Stored items from a collection:

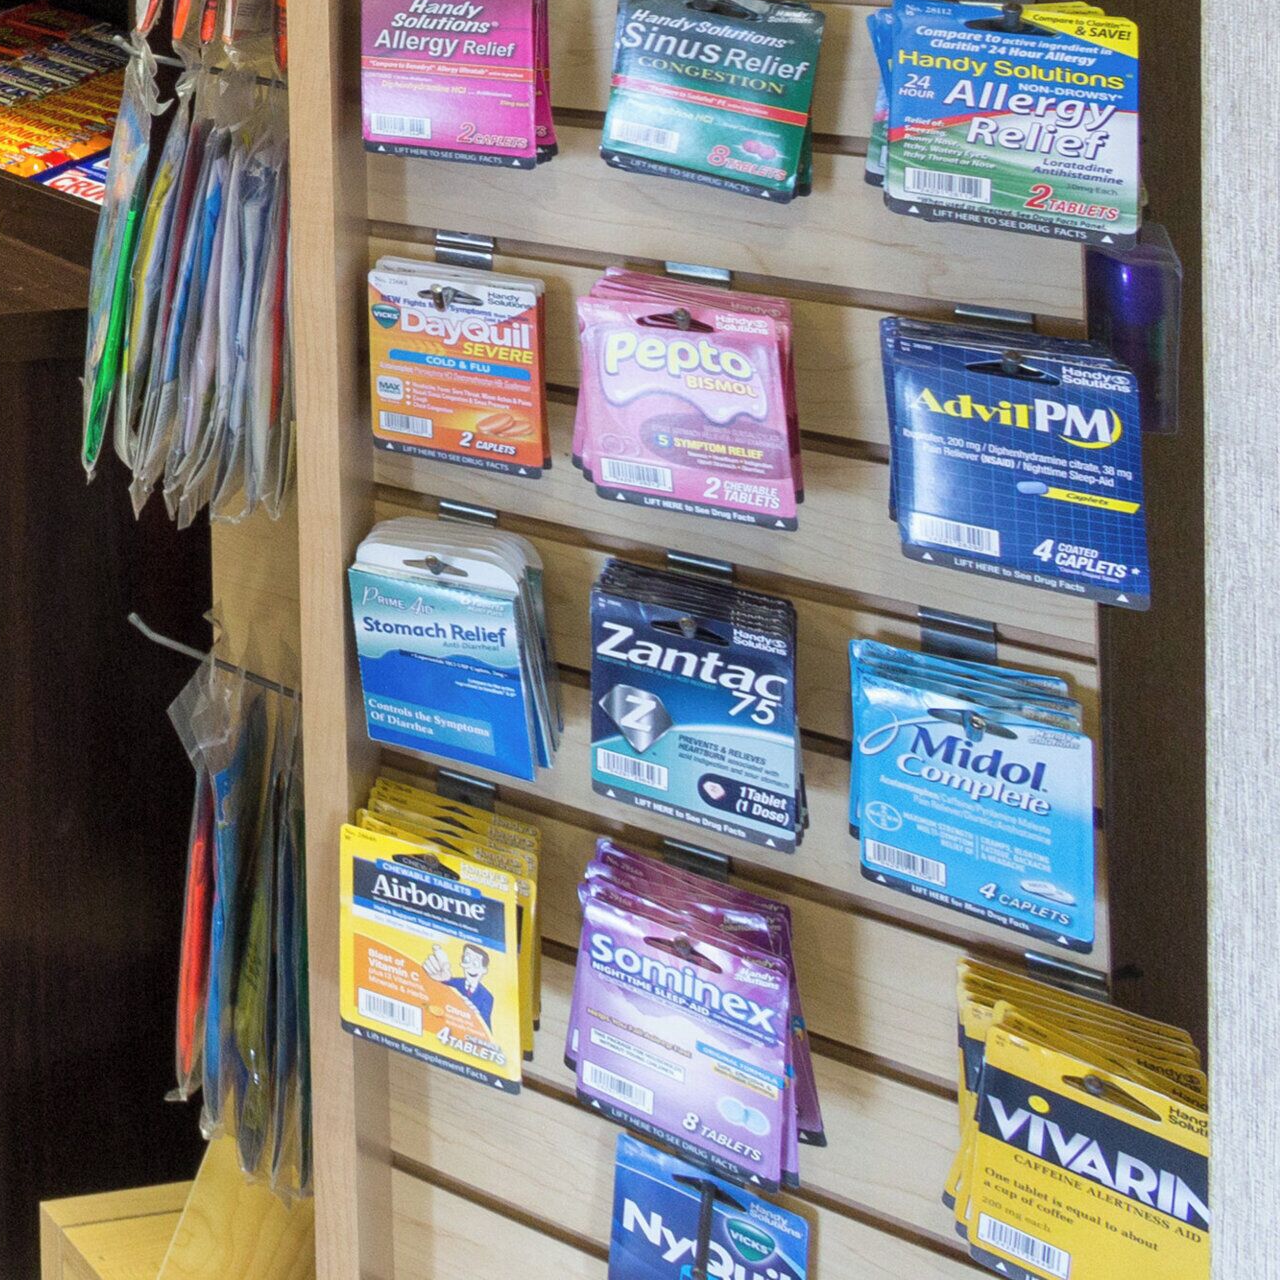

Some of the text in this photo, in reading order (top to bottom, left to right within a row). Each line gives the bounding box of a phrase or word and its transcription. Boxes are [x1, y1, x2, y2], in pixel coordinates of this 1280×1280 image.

[391, 13, 491, 34] Solutions
[1075, 26, 1132, 41] & SAVE!
[374, 29, 515, 57] Allergy Relief
[620, 22, 811, 81] Sinus Relief
[930, 38, 1097, 67] Claritin 24 Hour Allergy
[637, 56, 786, 95] CONGESTION
[897, 49, 1125, 90] Handy Solutions
[903, 73, 931, 88] 24
[898, 87, 935, 99] HOUR
[943, 79, 1116, 131] Allergy
[966, 117, 1109, 160] Relief
[1032, 166, 1124, 185] Antihistamine
[1042, 158, 1114, 175] Loratadine
[1024, 184, 1119, 220] 2 TABLETS
[400, 307, 530, 349] DayQuil
[715, 321, 769, 335] Solutions
[425, 355, 491, 373] COLD & FLU
[462, 342, 534, 364] SEVERE
[605, 332, 754, 382] Pepto
[686, 375, 758, 397] BISMOL
[1061, 366, 1112, 382] Handy
[1062, 376, 1131, 393] Solutions
[911, 387, 1112, 444] Advil PM
[459, 431, 516, 455] 2 CAPLETS
[703, 477, 722, 499] 2
[723, 480, 778, 496] CHEWABLE
[723, 486, 780, 509] TABLETS
[1066, 492, 1110, 506] Caplets
[1032, 538, 1055, 562] 4
[1057, 542, 1098, 558] COATED
[1054, 552, 1127, 578] CAPLETS
[362, 616, 507, 648] Stomach Relief
[733, 635, 788, 656] Solutions
[596, 621, 788, 701] Zantac
[368, 698, 490, 737] Controls the Symptoms
[620, 694, 657, 732] Z
[728, 690, 776, 725] 75
[909, 725, 1047, 791] Midol
[896, 753, 1052, 817] Complete
[735, 799, 790, 826] (1 Dose)
[382, 862, 472, 896] CHEWABLE TABLETS
[371, 873, 486, 921] Airborne
[978, 882, 1072, 926] 4 CAPLETS
[589, 932, 776, 1035] Sominex
[445, 1004, 471, 1017] Citrus
[435, 1027, 506, 1066] 4 TABLETS
[681, 1111, 763, 1162] 8 TABLETS
[986, 1094, 1210, 1225] VIVARIN
[984, 1167, 1159, 1252] One tablet is equal to about
[1013, 1153, 1202, 1244] CAFFEINE ALERTNESS AID
[749, 1209, 802, 1239] Solutions
[730, 1230, 769, 1254] VICKS
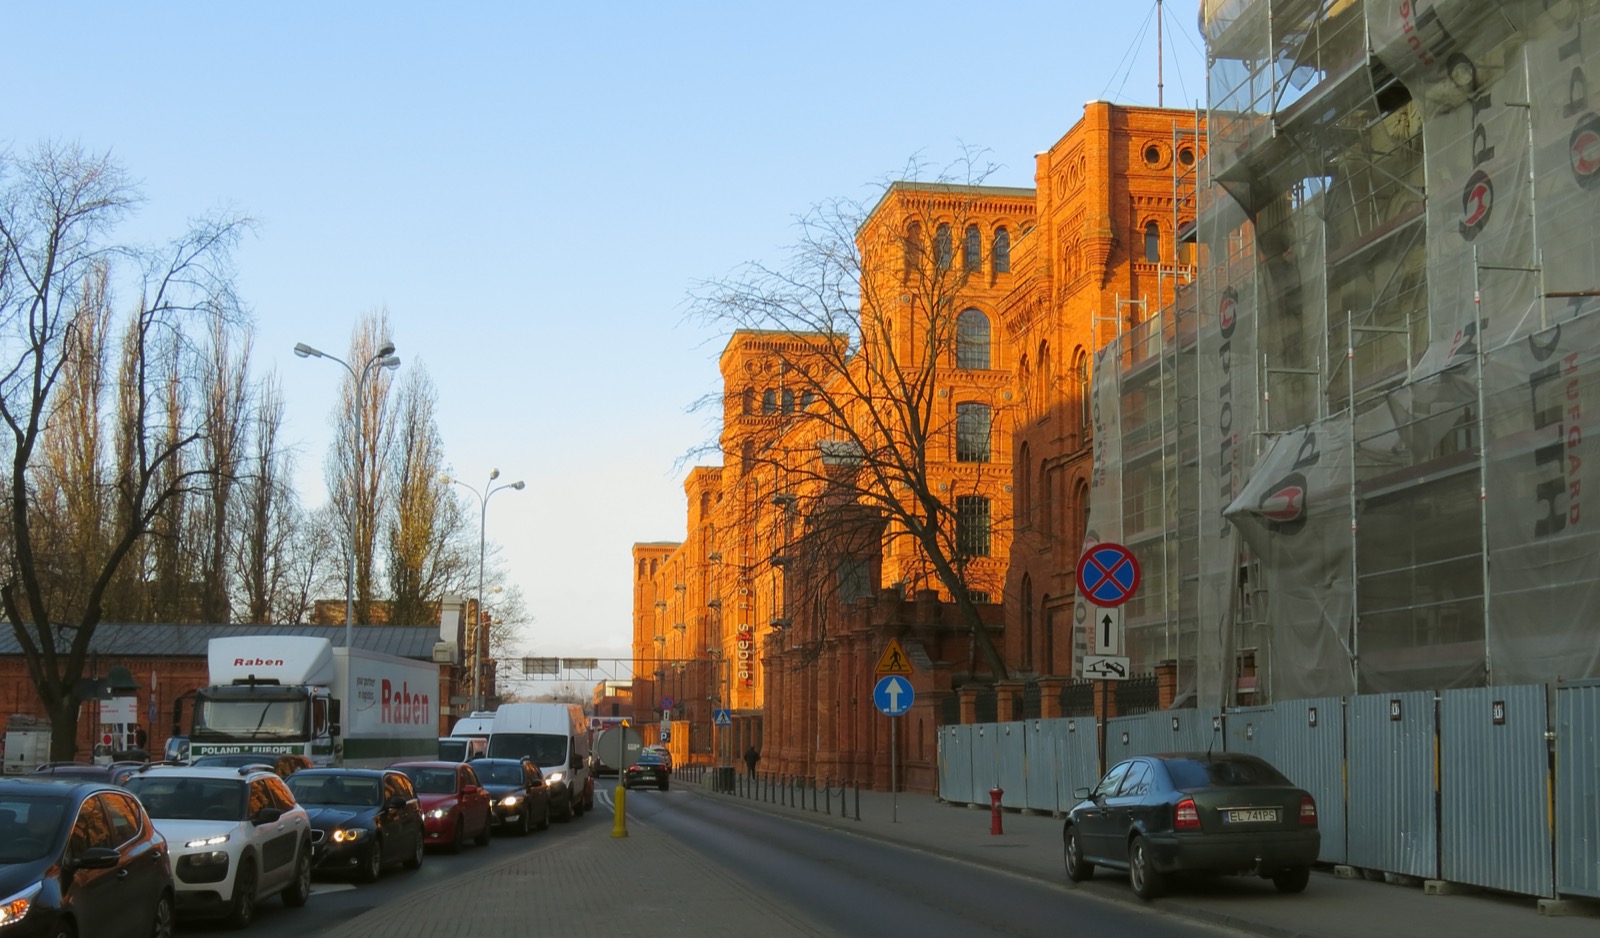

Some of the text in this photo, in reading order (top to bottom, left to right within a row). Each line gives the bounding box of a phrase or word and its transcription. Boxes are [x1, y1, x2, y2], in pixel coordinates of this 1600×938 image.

[1563, 352, 1583, 526] HUFGARD
[234, 657, 284, 667] Raben
[381, 679, 429, 725] Raben
[201, 746, 293, 755] POLAND EUROPE
[1230, 811, 1244, 821] EL

■ **What you will do**:
Could you print exactly the lines from the one containing "this 1600×938 image." through the last line of the records above?

■ **Written answer**:
Some of the text in this photo, in reading order (top to bottom, left to right within a row). Each line gives the bounding box of a phrase or word and its transcription. Boxes are [x1, y1, x2, y2], in pixel coordinates of this 1600×938 image.

[1563, 352, 1583, 526] HUFGARD
[234, 657, 284, 667] Raben
[381, 679, 429, 725] Raben
[201, 746, 293, 755] POLAND EUROPE
[1230, 811, 1244, 821] EL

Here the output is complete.